Terlaksananya kegiatan pembiasaan keagamaan dan karakter secara konsisten setiap hari.
Seluruh guru menerapkan strategi pembelajaran yang mendorong berpikir kritis dan reflektif.
Terlaksananya minimal satu kegiatan pameran karya seni siswa setiap tahun.

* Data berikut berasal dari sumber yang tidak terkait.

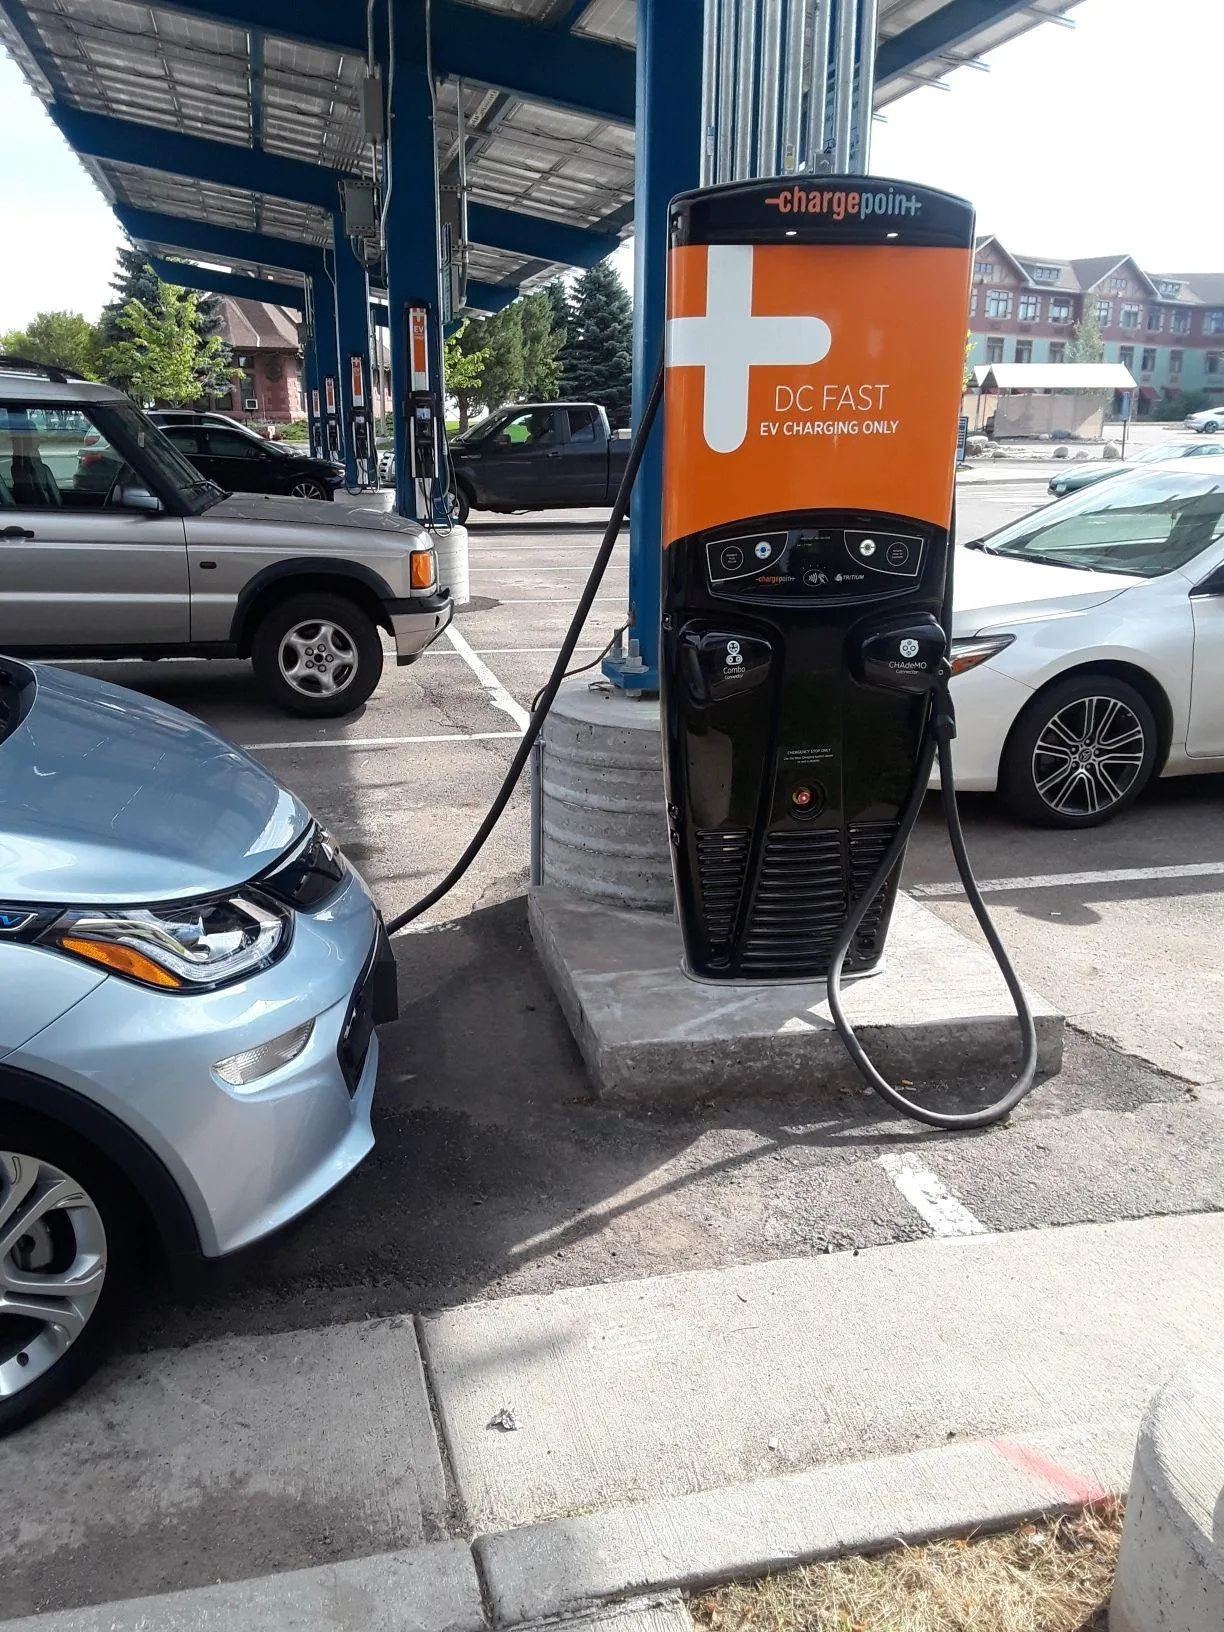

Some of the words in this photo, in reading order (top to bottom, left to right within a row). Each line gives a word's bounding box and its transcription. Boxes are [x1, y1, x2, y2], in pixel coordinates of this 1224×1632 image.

[775, 385, 813, 411] DC
[822, 384, 890, 411] FAST
[760, 422, 779, 435] EV
[783, 420, 859, 435] CHARGING
[863, 420, 899, 434] ONLY
[723, 666, 746, 674] Combo
[889, 661, 927, 669] CHAdeMO
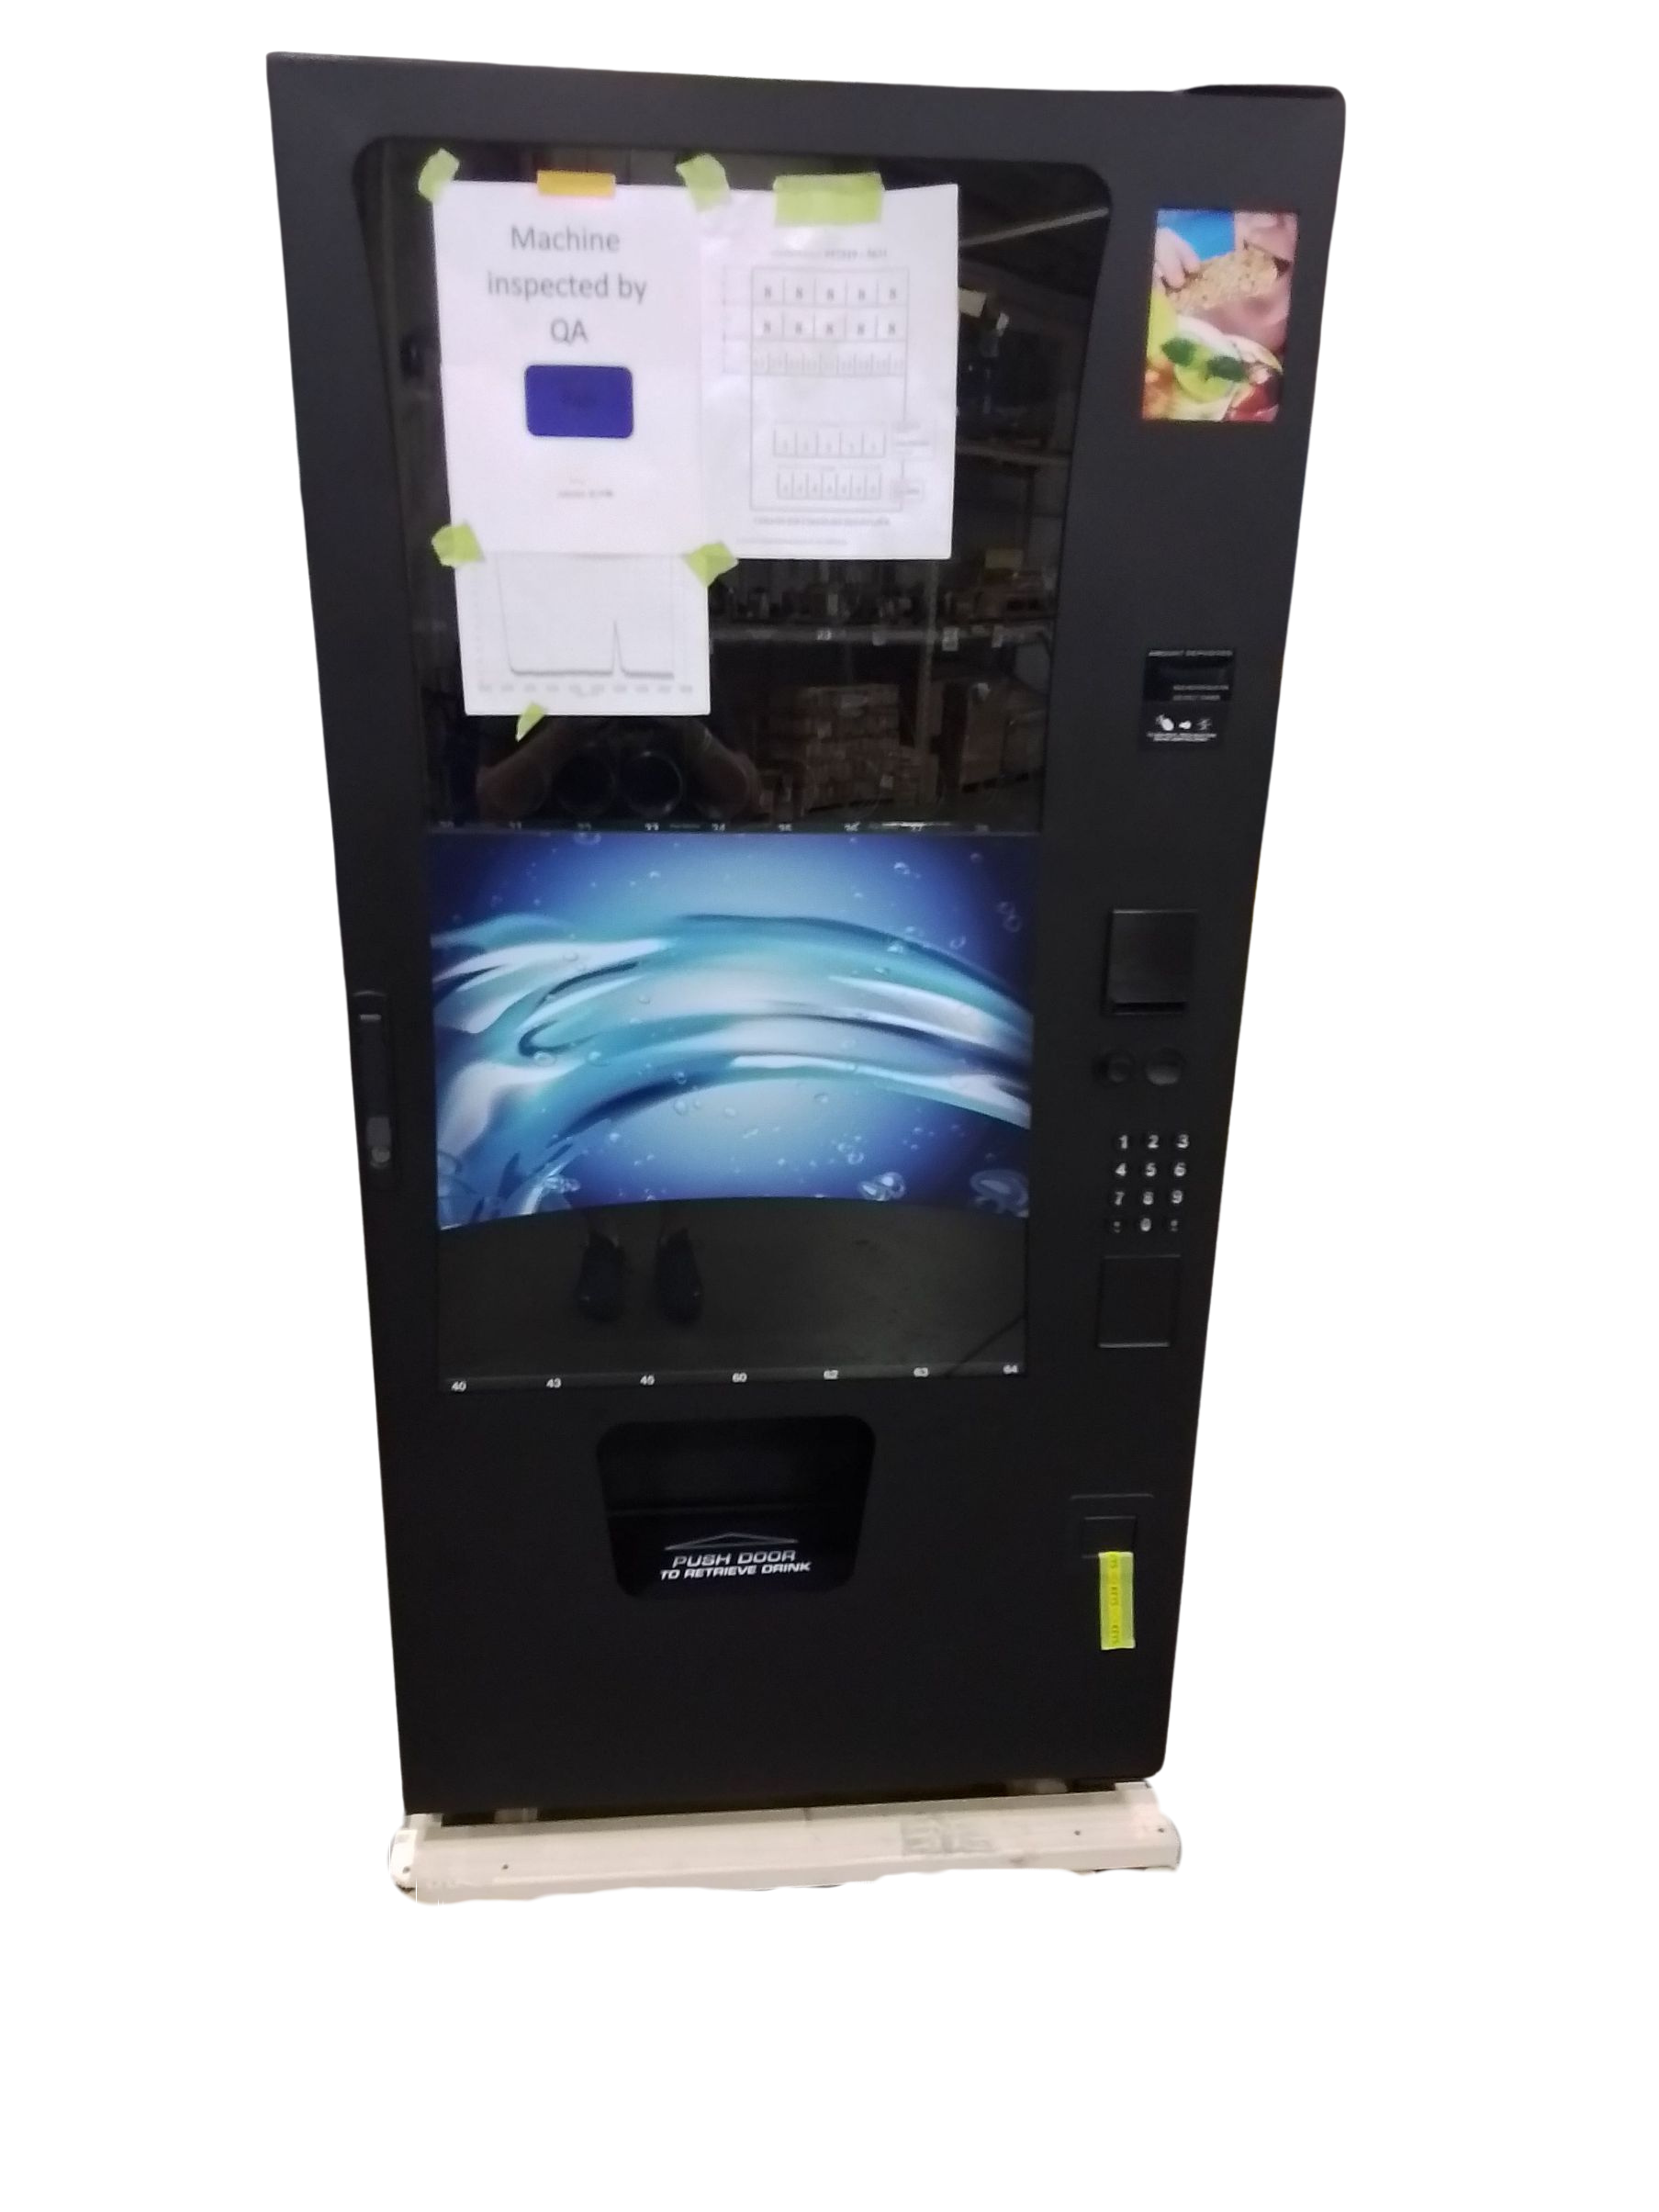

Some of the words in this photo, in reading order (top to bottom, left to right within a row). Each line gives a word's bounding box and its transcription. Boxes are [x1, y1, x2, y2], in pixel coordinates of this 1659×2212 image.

Tujuan Pencapaian 8 Dimensi Profil Lulusan
Keimanan dan Ketakwaan terhadap Tuhan YME
Profil ini menekankan pentingnya keseimbangan antara pengetahuan, moralitas, dan hubungan yang harmonis dengan Tuhan, sesama manusia, dan lingkungan sekitarnya.
Kewargaan
Fokus kewargaan yaitu kesadaran peserta didik untuk berkontribusi terhadap kebaikan bersama sebagai warga negara dan warga dunia. Profil lulusan ini tidak terlepas dari nilai-nilai Pancasila yang mencerminkan individu yang memiliki karakter, sikap, dan perilaku yang sesuai dengan nilai-nilai yang terkandung dalam setiap sila Pancasila. Peserta didik yang selalu menjunjung moral dan nilai spiritual, bersikap adil dan menghormati hak orang lain, mencintai negara, budaya, dan keberagaman Indonesia, berperan aktif dalam proses demokrasi dengan musyawarah, serta berupaya menciptakan kesejahteraan bersama.
Penalaran Kritis
Peserta didik memiliki keterampilan untuk menganalisis masalah, mengevaluasi argumen, menghubungkan gagasan yang relevan, dan merefleksikan proses berpikir dalam pengambilan keputusan. Peserta didik yang memiliki kemampuan penalaran kritis cenderung mampu memecahkan masalah secara sistematis, mempertimbangkan berbagai sudut pandang, dan menghasilkan solusi yang rasional serta berbasis bukti. Kemampuan ini membentuk pribadi yang cermat, tanggap, dan mampu menghadapi tantangan dengan pemikiran yang mendalam dan terstruktur.
Kreativitas
Peserta didik yang memiliki kreativitas cenderung berpikir di luar kebiasaan, mengembangkan ide-ide secara mendalam, serta memodifikasi atau menciptakan sesuatu yang orisinal, bermakna, dan memiliki dampak positif bagi lingkungan sekitar
Kolaborasi
Peserta didik dengan kemampuan kolaborasi mampu berkontribusi secara aktif, menggunakan pemecahan masalah bersama, dan menciptakan suasana yang harmonis untuk mencapai tujuan bersama.
Kemandirian
Peserta didik yang mandiri mampu mengelola waktu, sumber daya, dan tindakan mereka secara efektif untuk mencapai hasil yang optimal. Profil dimensi kemandirian ini menunjukkan peserta didik sebagai manusia pembelajar, yaitu individu yang secara terus-menerus mencari ilmu, mengembangkan diri, dan beradaptasi dengan perubahan (pembelajar sepanjang hayat).
Kesehatan
Profil ini menggambarkan peserta didik yang mampu menjalani kehidupan produktif dengan kualitas kesehatan fisik dan mental yang optimal dan berkontribusi secara positif dalam lingkungan sosialnya.
Komunikasi
Profil ini memungkinkan peserta didik mampu berinteraksi dengan orang lain, berbagi serta mempertahankan pendapat, menyampaikan sudut pandang yang beragam, dan aktif terlibat dalam kegiatan yang membutuhkan interaksi dua arah. Dengan demikian diharapkan lulusan yang memiliki kemampuan komunikasi dengan baik dapat membangun hubungan yang positif, menjembatani perbedaan pendapat, dan menciptakan pemahaman bersama dalam lingkungan sosial maupun profesional.